# TASK STATEMENT:
Leaving the pictures aside, return all of the data below exactly.
RECORDS FOR THIS TASK below:
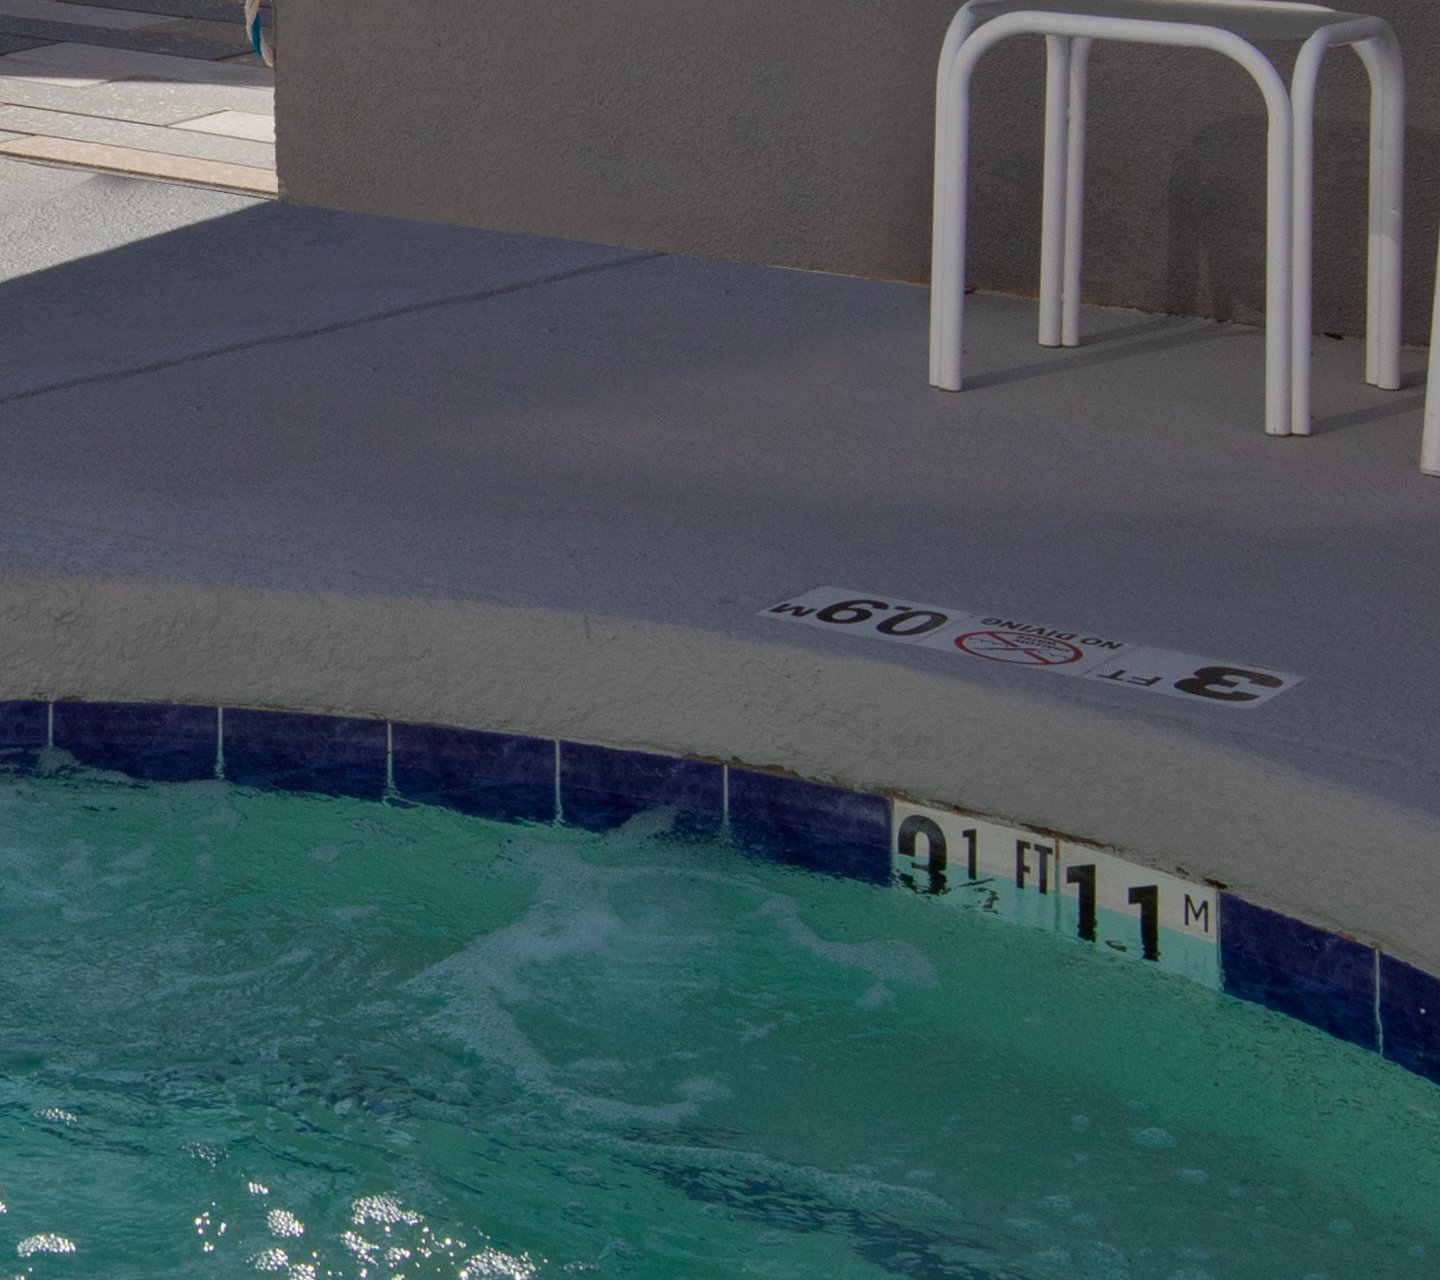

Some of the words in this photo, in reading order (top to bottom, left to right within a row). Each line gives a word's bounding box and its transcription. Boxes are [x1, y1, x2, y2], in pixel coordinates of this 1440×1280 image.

[769, 603, 817, 617] M
[816, 599, 948, 636] 0.9
[980, 618, 1077, 641] DIVING
[1080, 637, 1123, 650] NO
[1097, 669, 1163, 687] FT
[1173, 666, 1283, 702] 3
[1016, 838, 1053, 895] FT
[1184, 893, 1209, 934] M
End of RECORDS FOR THIS TASK.
# OUTPUT FOR THIS EXERCISE:
Some of the words in this photo, in reading order (top to bottom, left to right within a row). Each line gives a word's bounding box and its transcription. Boxes are [x1, y1, x2, y2], in pixel coordinates of this 1440×1280 image.

[769, 603, 817, 617] M
[816, 599, 948, 636] 0.9
[980, 618, 1077, 641] DIVING
[1080, 637, 1123, 650] NO
[1097, 669, 1163, 687] FT
[1173, 666, 1283, 702] 3
[1016, 838, 1053, 895] FT
[1184, 893, 1209, 934] M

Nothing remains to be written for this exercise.